## EXERCISE OBJECTIVE:
Word for word, copy the data that follows and skip its pictures.

########################################

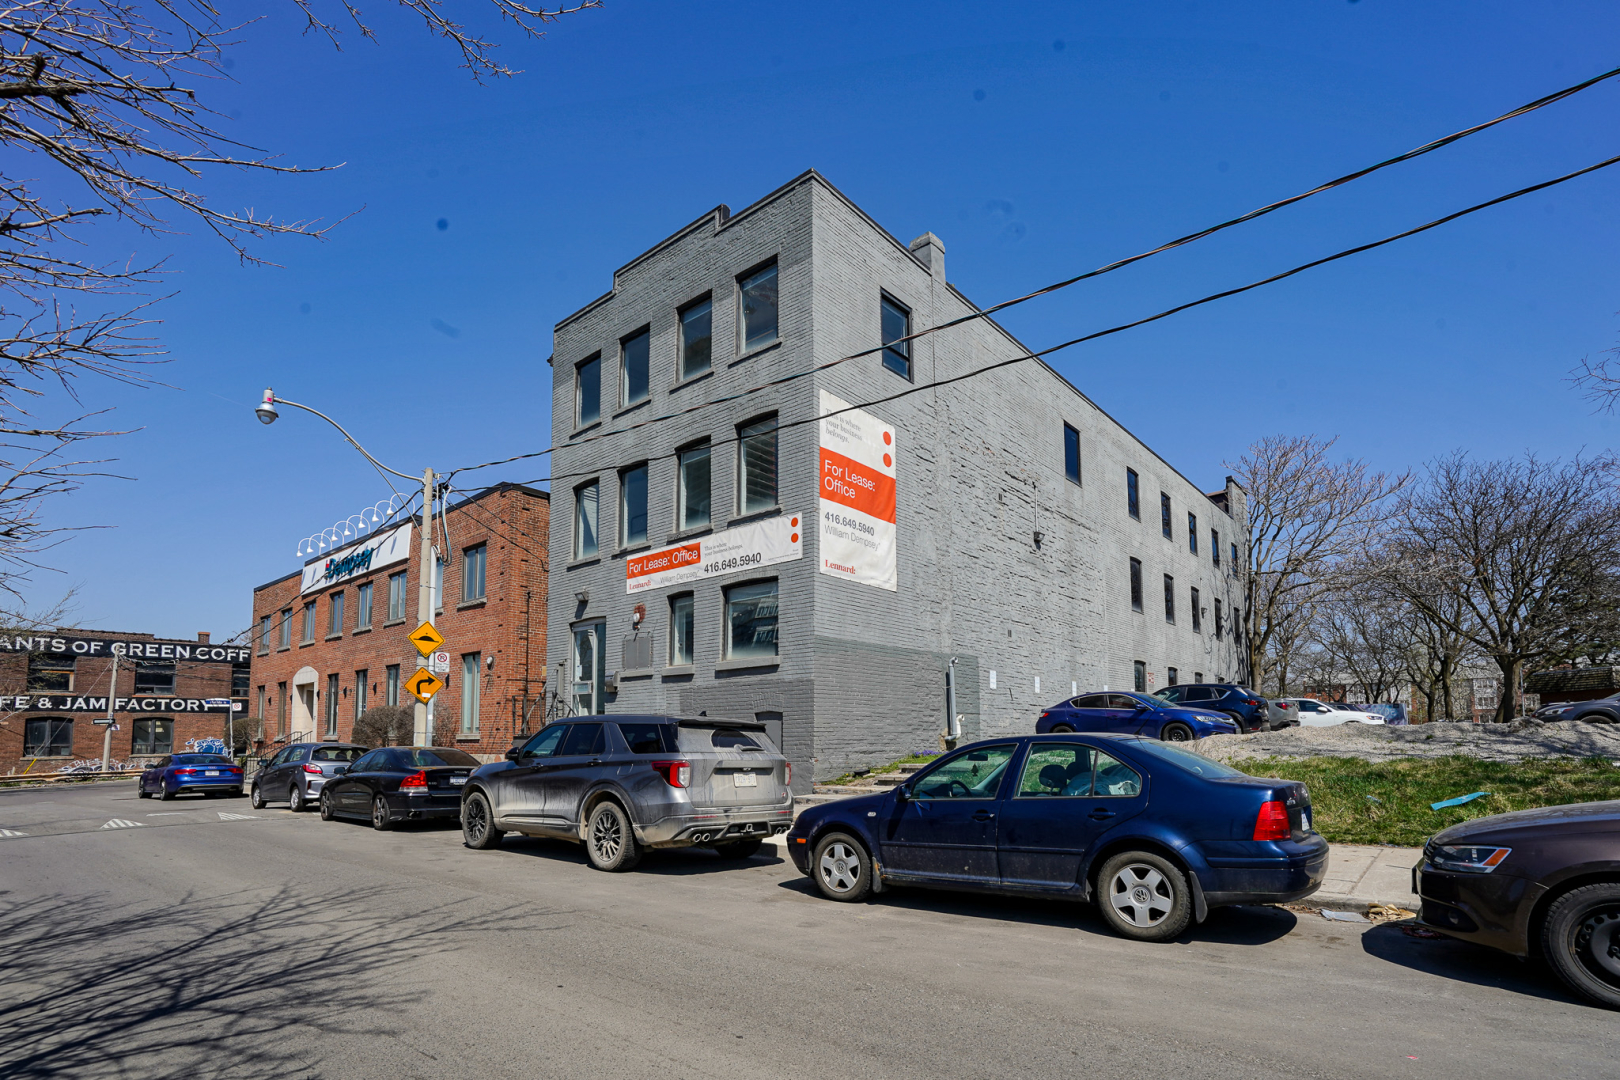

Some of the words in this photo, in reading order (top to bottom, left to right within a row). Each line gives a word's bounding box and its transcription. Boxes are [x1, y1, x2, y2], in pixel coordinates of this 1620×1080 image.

[825, 419, 839, 430] your
[840, 423, 863, 441] business
[845, 419, 861, 432] where
[824, 459, 843, 477] For
[845, 467, 876, 492] Lease:
[824, 476, 856, 499] Office
[824, 511, 875, 537] 416.649.5940
[824, 524, 850, 540] William
[325, 547, 375, 578] Dempsey
[629, 562, 643, 574] For
[643, 556, 670, 571] Lease:
[672, 549, 699, 564] Office
[703, 552, 762, 574] 416.649.5940
[825, 559, 856, 575] Lennard:
[71, 641, 104, 654] OF
[110, 642, 191, 659] GREEN
[195, 647, 251, 662] COFF
[37, 697, 53, 709] &
[59, 697, 107, 710] JAM
[114, 698, 209, 711] FACTORY

########################################

## REPLY TO THE EXERCISE:
Some of the words in this photo, in reading order (top to bottom, left to right within a row). Each line gives a word's bounding box and its transcription. Boxes are [x1, y1, x2, y2], in pixel coordinates of this 1620×1080 image.

[825, 419, 839, 430] your
[840, 423, 863, 441] business
[845, 419, 861, 432] where
[824, 459, 843, 477] For
[845, 467, 876, 492] Lease:
[824, 476, 856, 499] Office
[824, 511, 875, 537] 416.649.5940
[824, 524, 850, 540] William
[325, 547, 375, 578] Dempsey
[629, 562, 643, 574] For
[643, 556, 670, 571] Lease:
[672, 549, 699, 564] Office
[703, 552, 762, 574] 416.649.5940
[825, 559, 856, 575] Lennard:
[71, 641, 104, 654] OF
[110, 642, 191, 659] GREEN
[195, 647, 251, 662] COFF
[37, 697, 53, 709] &
[59, 697, 107, 710] JAM
[114, 698, 209, 711] FACTORY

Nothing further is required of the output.